If you’re eligible for the program, you can fill out an application via the Neighborly Portal. If you need customer service and assistance with the program, call 1-855-2-HOME-WI. You can even ask how to apply for the Wisconsin Help for Homeowners program in person.

Residents living in Pennsylvania, New York, Minnesota, or any other state may also have eligibility for funding from the American Rescue Plan Act. 

Now that the pandemic is coming to a close and mortgage and foreclosure relief are falling by the wayside, you’ll need to learn how to avoid foreclosure. The Milwaukee housing market could provide the right opportunity to sell your house and make a good profit. 

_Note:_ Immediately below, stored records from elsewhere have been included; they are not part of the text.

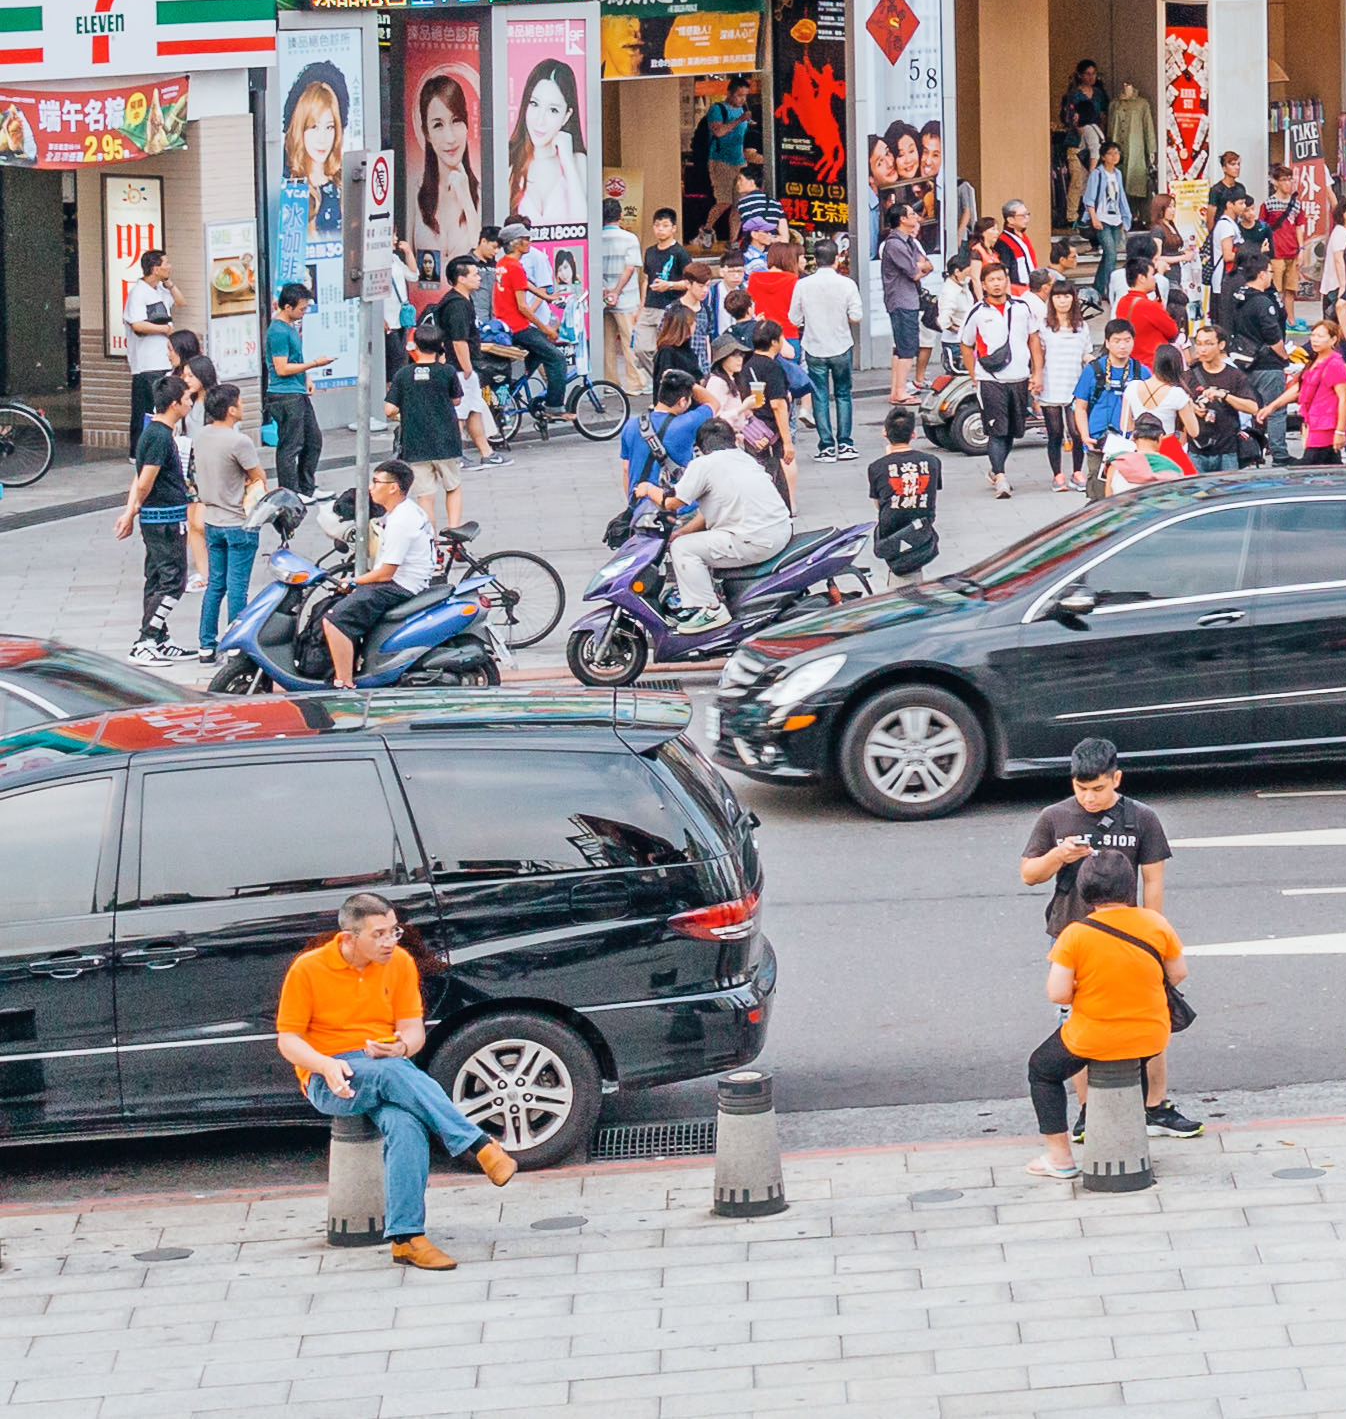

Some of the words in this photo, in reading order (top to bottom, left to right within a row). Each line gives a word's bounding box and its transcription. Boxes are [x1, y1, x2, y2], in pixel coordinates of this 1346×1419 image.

[407, 24, 480, 42] 臻品絕色診所
[506, 24, 566, 38] 臻品絕色診所
[287, 35, 351, 52] 臻品絕色診所
[38, 96, 126, 133] 端午名粽
[1290, 121, 1319, 142] TAKE
[1294, 140, 1319, 159] OUT
[281, 202, 305, 281] 冰咖啡
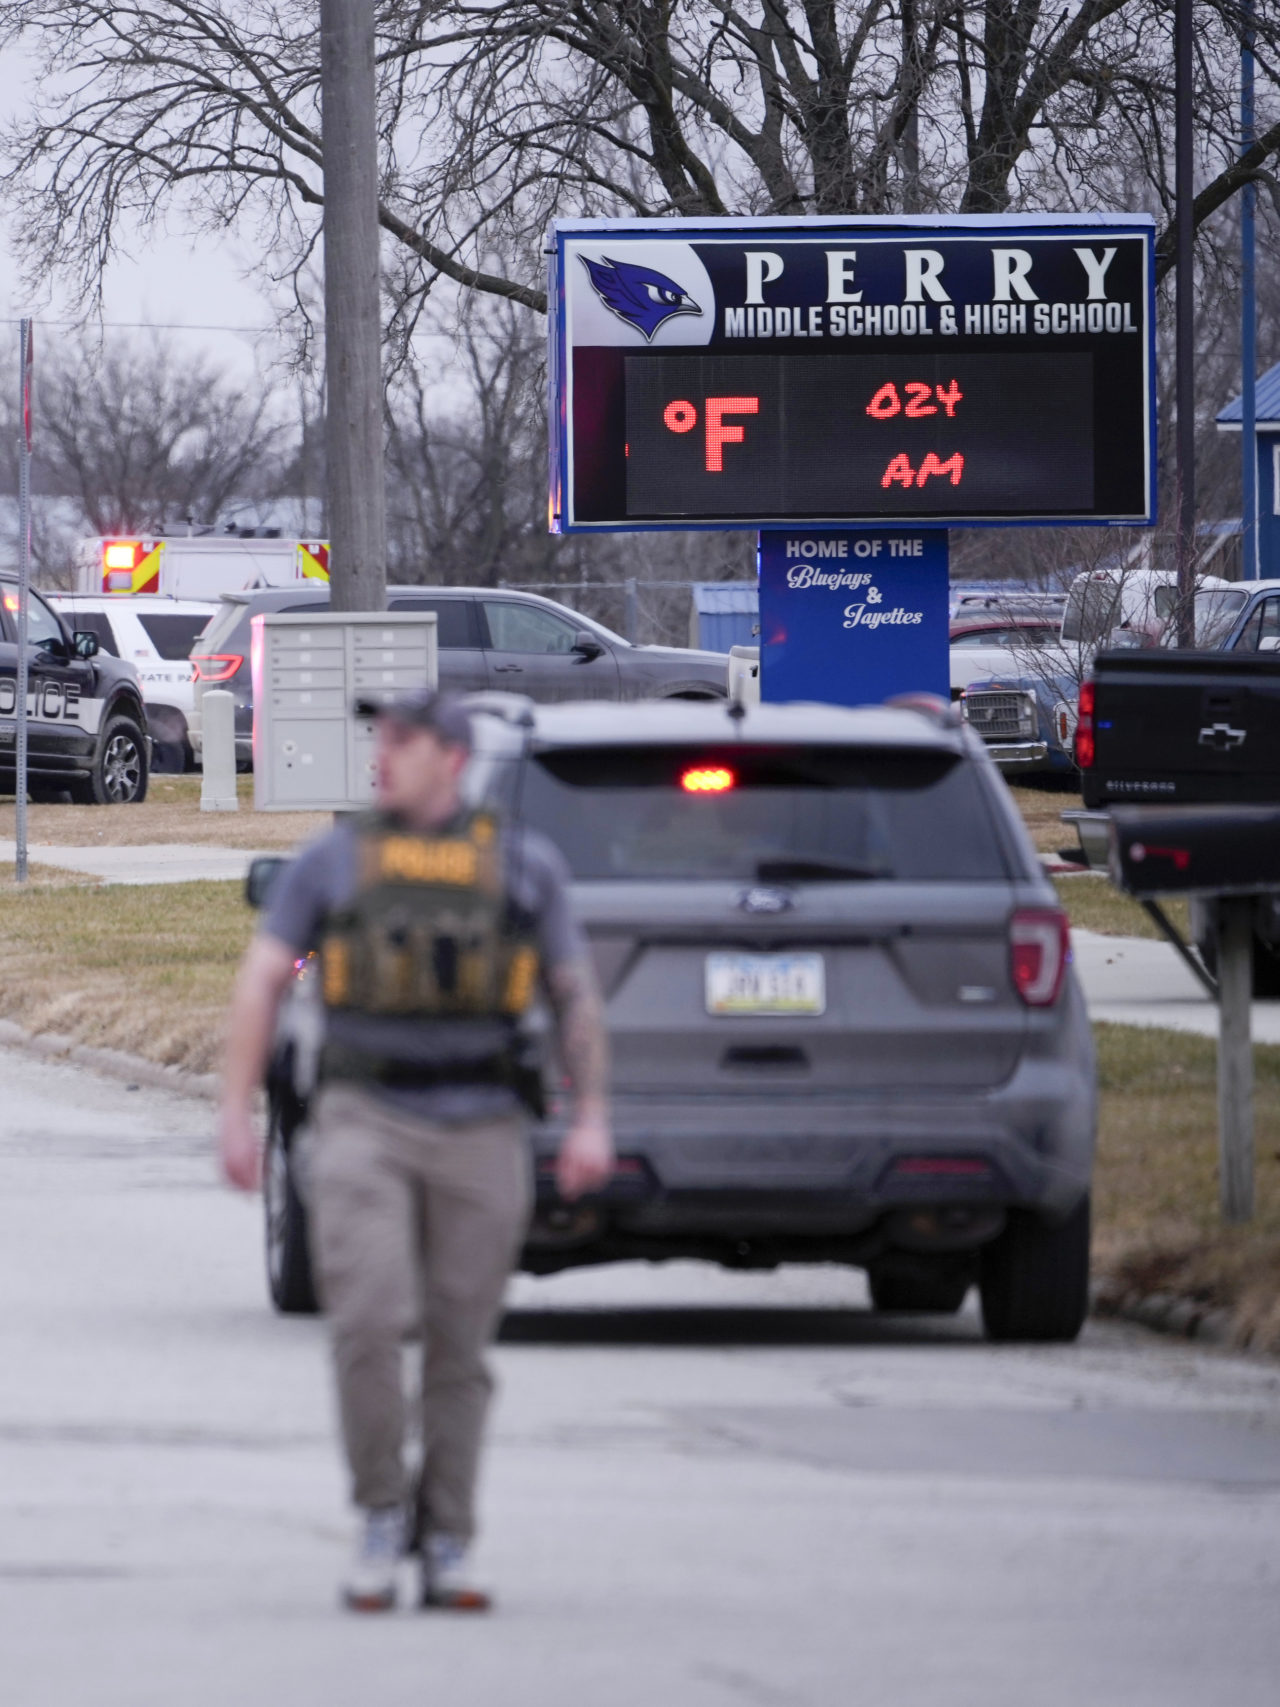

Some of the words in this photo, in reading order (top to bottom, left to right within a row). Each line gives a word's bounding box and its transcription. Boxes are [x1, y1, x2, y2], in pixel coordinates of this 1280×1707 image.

[744, 247, 1118, 304] PERRY
[724, 307, 823, 338] MIDDLE
[829, 304, 933, 336] SCHOOL
[939, 304, 959, 335] &
[964, 303, 1027, 335] HIGH
[1033, 302, 1138, 334] SCHOOL
[866, 379, 963, 419] 024
[880, 452, 964, 487] AM
[786, 540, 848, 558] HOME
[854, 540, 882, 557] OF
[888, 539, 923, 557] THE
[786, 564, 873, 590] Bluejays
[866, 586, 882, 604] &
[843, 603, 924, 629] Jayettes

For a quick sale, you may want to seek out companies that buy houses in Milwaukee. Cash home buyers in Glendale can purchase your property fast without needing a mortgage lender or a home inspection. Cash buyers can purchase a home in its as-is condition. We buy houses in Wisconsin, so contact us as soon as you can to avoid a foreclosure. 

Utility Protections in Wisconsin

Utility Protections in Wisconsin

The Wisconsin Home Energy Assistance Program provides financial help for utility consumers. The Public Benefits Energy Assistance Program funds are for utility customers facing financial hardships.

If you are a Wisconsin resident facing difficulty paying your utility bills and can’t reach a solution with their utility providers, call the Wisconsin Public Service Commission (PSC) for additional help. They also assist with internet payments.

Throughout the pandemic, the Public Service Commission in Wisconsin extended a disconnection moratorium for utility consumers multiple times. Essentially, consumers who aren’t able to pay part or all of their utility bills would not have their services disconnected throughout the first year of the coronavirus pandemic.

Once the disconnection moratorium ended, any utility users who could not pay for their services were advised to call their utility provider and arrange a payment schedule they could handle. It’s vital to express how the COVID-19 pandemic has impacted one’s economic situation. 

Conclusion

The Wisconsin Foreclosure Moratorium and mortgage relief and housing protections kept homeowners from losing their primary living residences and foreclosures throughout the COVID-19 pandemic. Today, however, the foreclosure moratorium is over, and homeowners still facing financial hardships may need to sell their houses. 

For a quick home sale, consider seeking a real estate investor or cash home buyer to purchase your property. Before you know it, the stress of paying a mortgage will be old news.